In her lifetime, she discovered discovered 300 variable stars, five novae, and one spectroscopic binary.

3 of 4 Harvard College Observatory

Antonia Maury

Antonia Maury (1866-1952) was another educated woman, graduating from Vassar College in 1887 with honours in physics, philosophy and astronomy. She was also the late astrophotographer Henry Draper's niece, so her father wrote to Pickering, who was continuing Draper's work, and secured Maury a position among the Harvard Computers in 1889.

Maury and Pickering did not get along. According to fellow computer Dorrit Hoffliet, Maury "was one of the most original thinkers of all the women Pickering employed; but instead of encouraging her attempts at interpreting observations, he was only irritated by her independence and departure from assigned and expected routine."

One of the areas on which the two butted heads was Maury's theory about stellar classification. Maury believed that spectral lines, as well as their absence or presence, was important. A normal line was a, a fuzzy line was b and a sharp line was c. This allowed for the luminosities of stars to be incorporated into their classification. However, Maury and Pickering quarreled over this addition to the system, and she left the observatory to continue her work on her own.

In 1897, she published her very own catalogue of over 600 stars using her classification system, but even this was wrought with difficulty. Pickering wanted to be credited as the author, but Maury demanded that it be published under her own name. Her stubbornness was worthwhile. In the 28th volume of the Harvard Annals, she became the very first woman with her name on the cover.
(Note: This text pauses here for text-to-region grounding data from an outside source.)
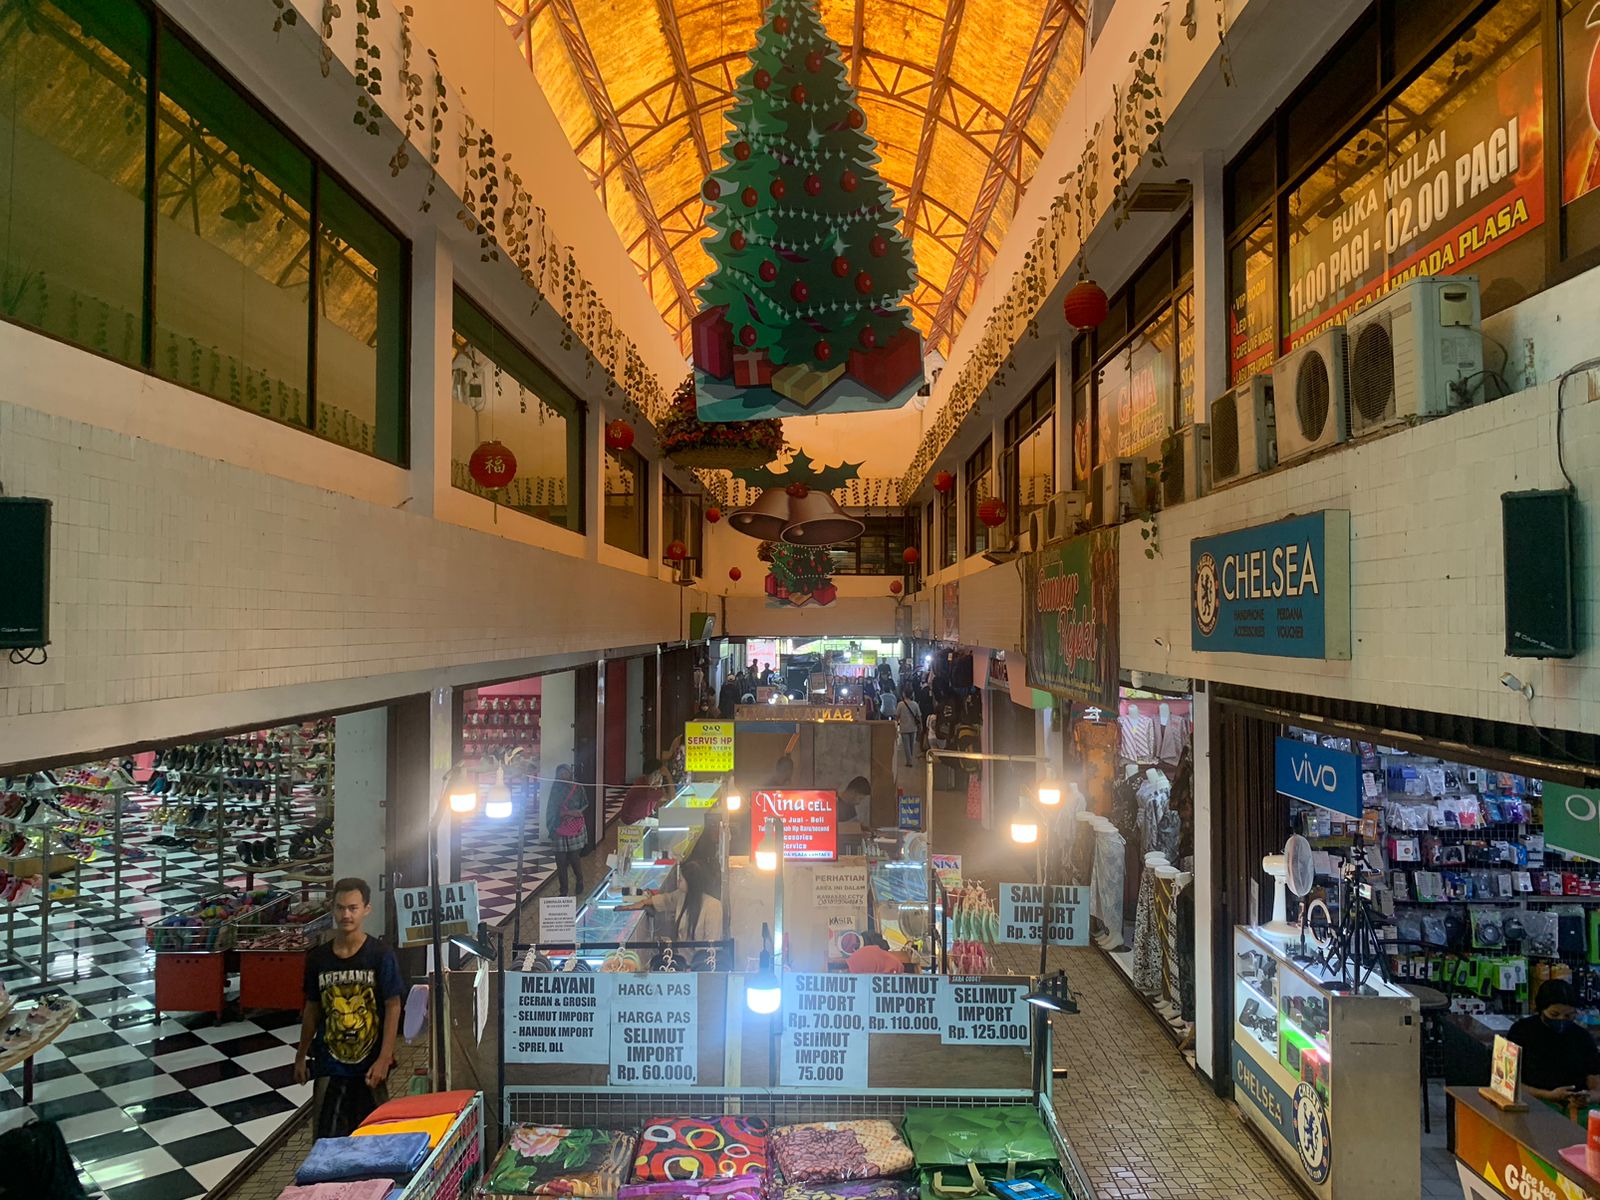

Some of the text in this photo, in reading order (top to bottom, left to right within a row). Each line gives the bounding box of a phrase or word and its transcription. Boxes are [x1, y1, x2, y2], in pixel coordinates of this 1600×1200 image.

[1333, 130, 1446, 243] BUKA MULAI
[1289, 262, 1327, 321] 11.00
[1330, 228, 1370, 294] PAGI
[1385, 170, 1449, 255] 02.00
[1456, 117, 1519, 209] PAGI
[1458, 198, 1529, 260] PLASA
[1235, 277, 1266, 310] VIP ROOM
[485, 455, 506, 474] 福
[1222, 540, 1319, 601] CHELSEA
[1038, 560, 1079, 613] Sumber
[1058, 605, 1098, 674] Rejeki
[687, 736, 732, 745] SERVIS HP
[1291, 752, 1337, 792] vivo
[756, 793, 832, 816] Nina CELL
[933, 860, 960, 869] NINA
[815, 874, 865, 882] PERHATIAN
[404, 886, 466, 909] OBAL
[829, 917, 853, 926] KASIR
[1014, 905, 1075, 924] IMPORT
[1006, 925, 1026, 940] Rp.
[319, 969, 375, 990] AREMANIA
[521, 976, 595, 994] MELAYANI
[795, 975, 858, 994] SELIMUT
[872, 976, 939, 995] SELIMUT
[618, 984, 691, 996] HARGA PAS
[954, 987, 1017, 1005] SELIMUT
[519, 996, 597, 1007] ECERAN & GROSIR
[798, 995, 856, 1013] IMPORT
[876, 996, 936, 1014] IMPORT
[518, 1010, 557, 1022] SELIMUT
[559, 1011, 595, 1022] IMPORT
[617, 1011, 691, 1023] HARGA PAS
[788, 1014, 811, 1030] Rp.
[958, 1006, 1013, 1022] IMPORT
[519, 1026, 557, 1037] HANDUK
[558, 1027, 594, 1038] IMPORT
[869, 1016, 888, 1031] Rp.
[949, 1024, 1027, 1040] Rp. 125.000
[624, 1027, 686, 1044] SELIMUT
[549, 1042, 564, 1053] DLL
[627, 1046, 684, 1062] IMPORT
[795, 1049, 847, 1064] IMPORT
[617, 1065, 639, 1081] Rp.
[798, 1066, 844, 1081] 75.000
[1236, 1060, 1282, 1125] CHELSEA
[1521, 1165, 1538, 1187] Ice
Her classification system later became vital to the work of Danish astronomer Ejnar Hertzsprung, who co-developed the Hertzsprung-Russell diagram.

4 of 4 American Institute of Physics, Emilio Segrè Visual Archives

Henrietta Swan Leavitt

Henrietta Swan Leavitt (1868-1921) was an 1892 graduate of Radcliffe College, where she received a broad education that included philosophy, fine arts, Greek, geometry and, of course, astronomy. She was, by all accounts, a quiet and serious-minded woman, so when she went to work for Edward Charles Pickering in 1893, she threw herself into her work diligently.
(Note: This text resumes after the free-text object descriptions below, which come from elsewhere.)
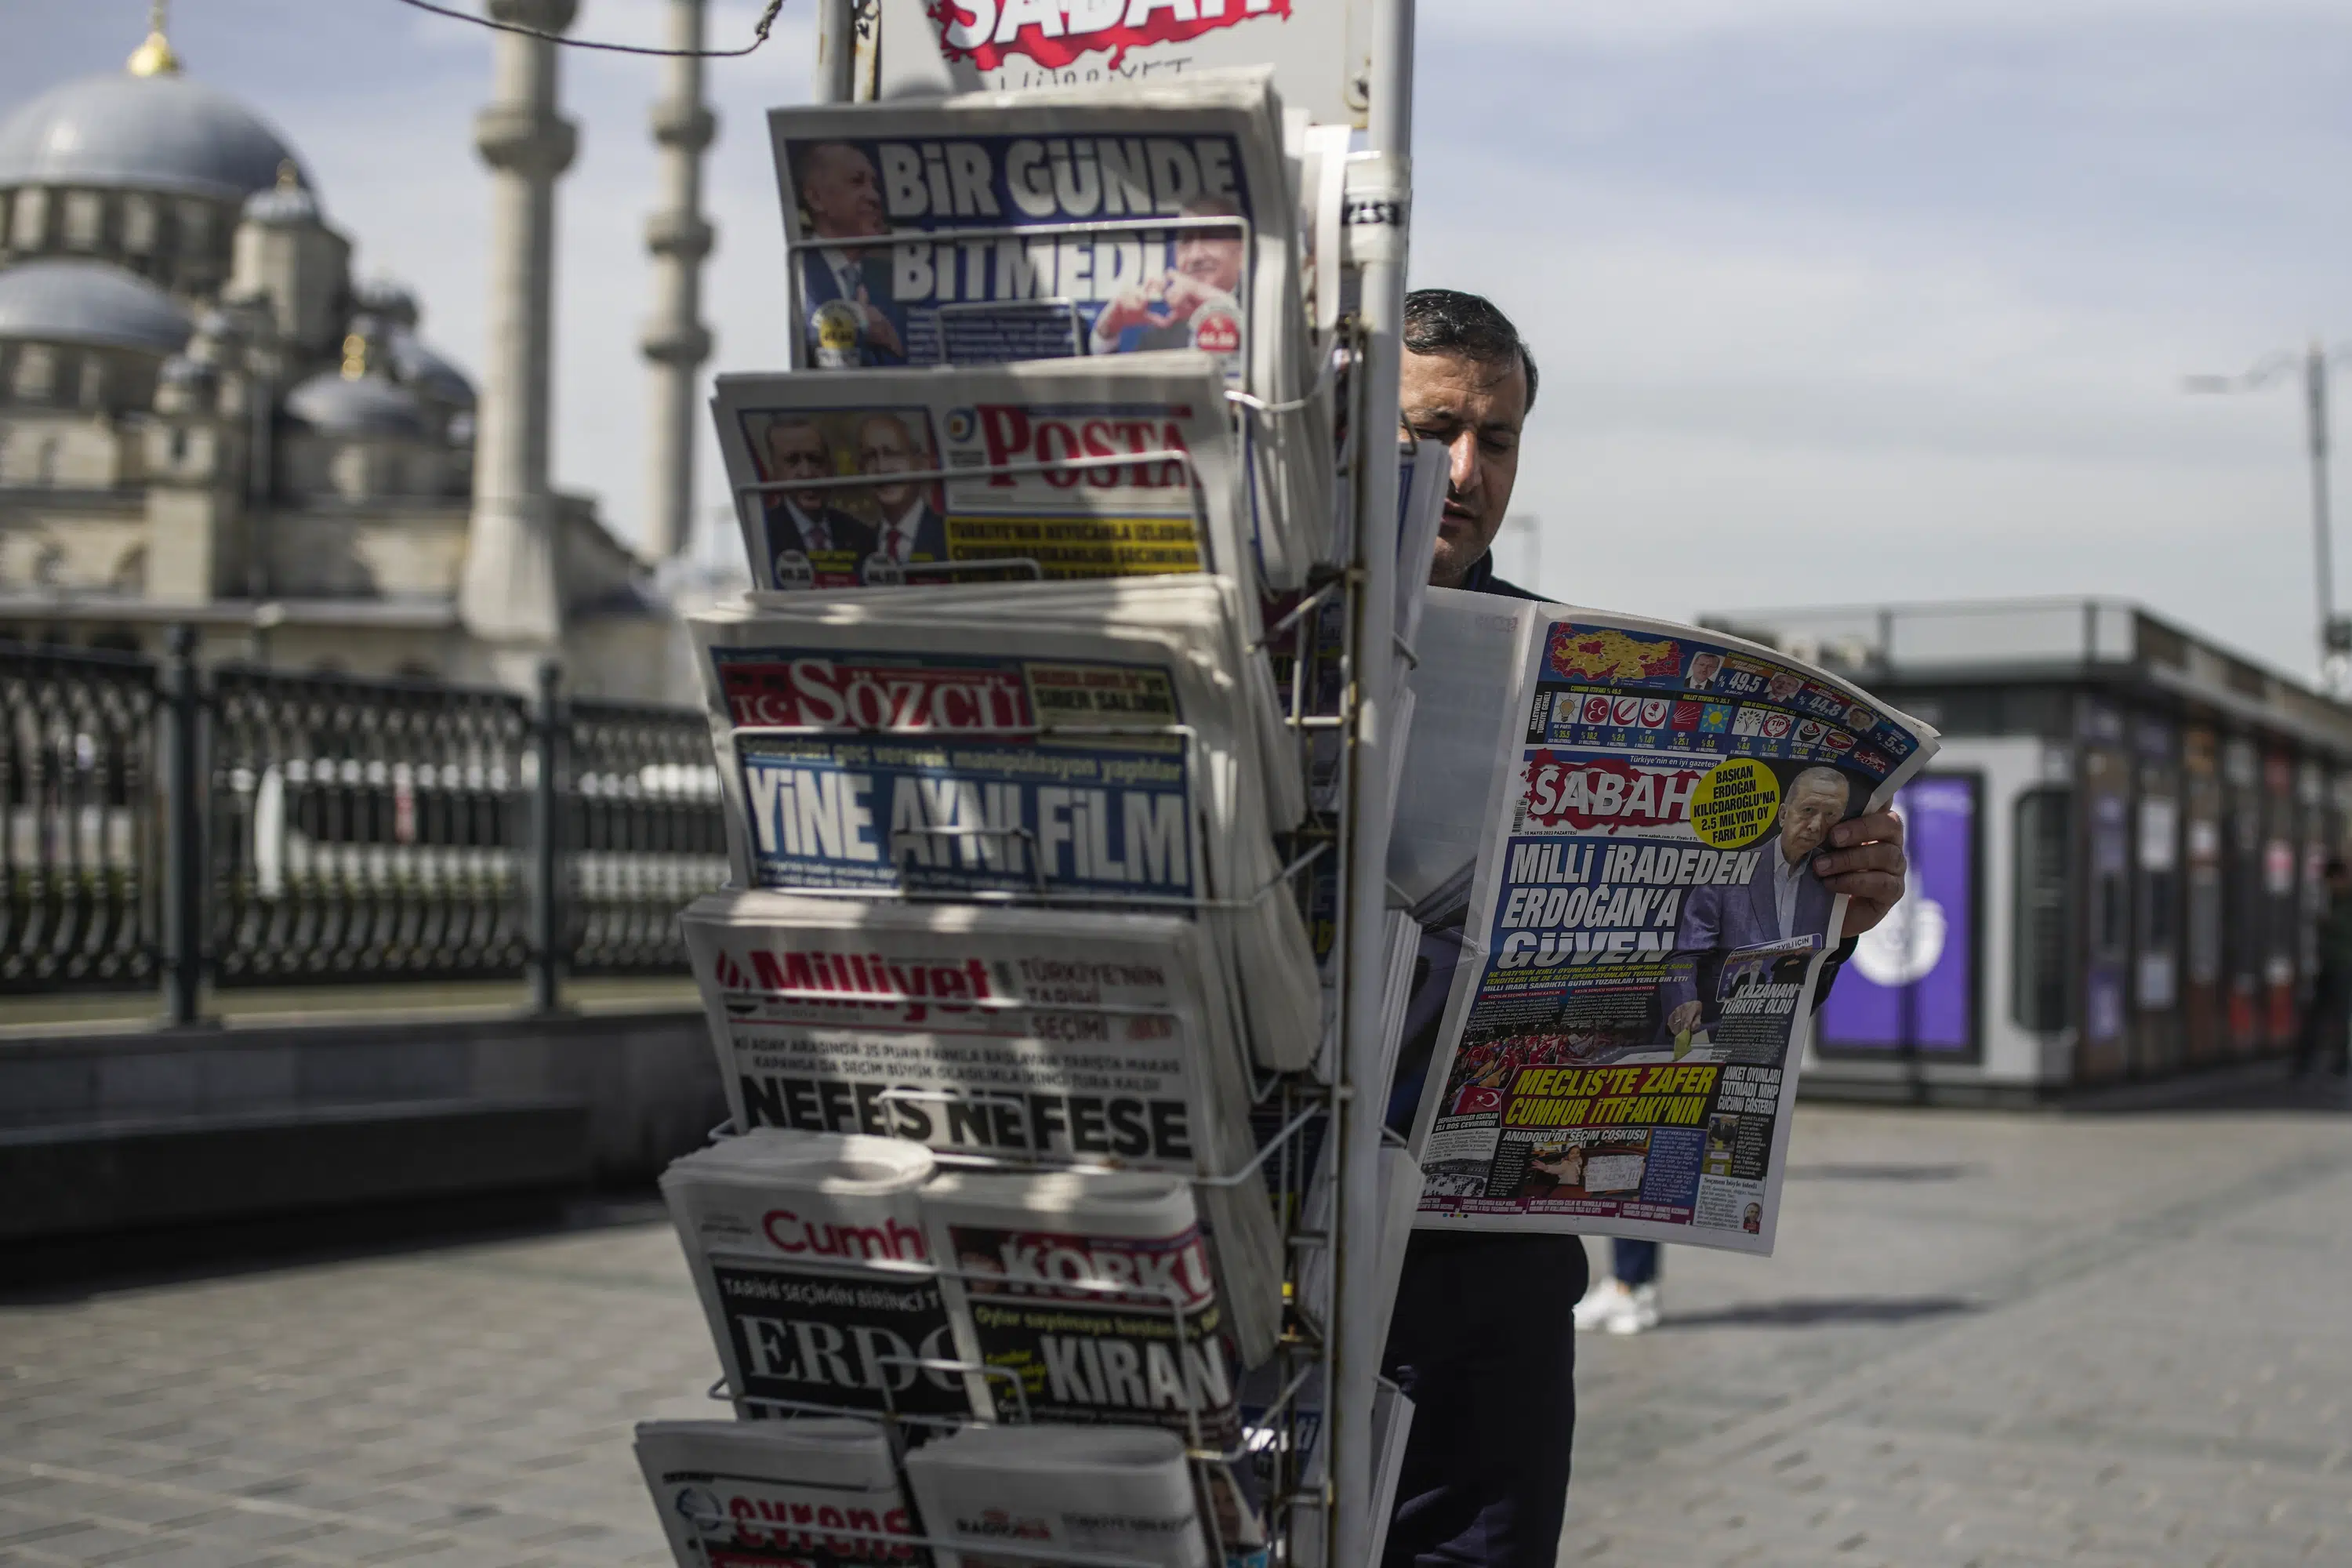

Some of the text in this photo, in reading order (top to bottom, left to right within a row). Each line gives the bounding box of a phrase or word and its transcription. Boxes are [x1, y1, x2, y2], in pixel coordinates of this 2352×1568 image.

[1005, 137, 1245, 218] GÜNDE
[977, 404, 1201, 488] POSTA
[1729, 671, 1764, 693] 49.5
[1809, 696, 1842, 717] 44.8
[1884, 736, 1907, 755] 5.3
[1630, 755, 1668, 765] Türkiye'nin
[1679, 758, 1688, 767] iyi
[1689, 760, 1718, 769] gazetesi
[1529, 770, 1700, 821] SABAH
[892, 775, 1029, 874] AYNI
[1701, 817, 1717, 831] 2.5
[1757, 806, 1769, 820] OY
[1712, 823, 1758, 844] FARK ATTI
[1501, 884, 1682, 928] ERDOĞAN'A
[1497, 931, 1675, 970] GÜVEN
[750, 950, 1001, 1022] Milliyet
[1529, 981, 1566, 989] SANDIKTA
[1734, 982, 1799, 999] KAZANAN
[1764, 998, 1795, 1014] OLDU
[1512, 1066, 1718, 1097] MECLİS'TE ZAFER
[1722, 1065, 1781, 1084] ANKET OYUNLARI
[1721, 1080, 1780, 1099] TUTMADI MHP
[740, 1074, 1193, 1159] NEFES NEFESE
[1505, 1098, 1594, 1126] CUMHUR
[1502, 1130, 1566, 1143] ANADOLU'DA
[762, 1210, 926, 1260] Cumh
[1039, 1334, 1232, 1411] KIRAN
She was assigned the study of variable stars, the light of which brightens and dims, constantly changing. She identified over 1,200 variable stars, and studied many more, and over the course of this work made an extremely important discovery. To wit, the brightness of a variable star directly correlates to the length of time between dimming and brightening.

This was groundbreaking. For the first time, by measuring the period of a variable star, astronomers could calculate how bright that star should be, and therefore determine how far it was from Earth. She published her research in 1908.

Ejnar Hertzsprung then used this to calculate the distances to several variable stars in the Milky Way galaxy, demonstrating that Leavitt's theory was correct. Moreover, the theory proved to be vital for calculating the size of the universe. By locating variable stars in other galaxies, astronomers could determine their distance from the Milky Way.

Leavitt's life was cut tragically short by cancer at the age of 58.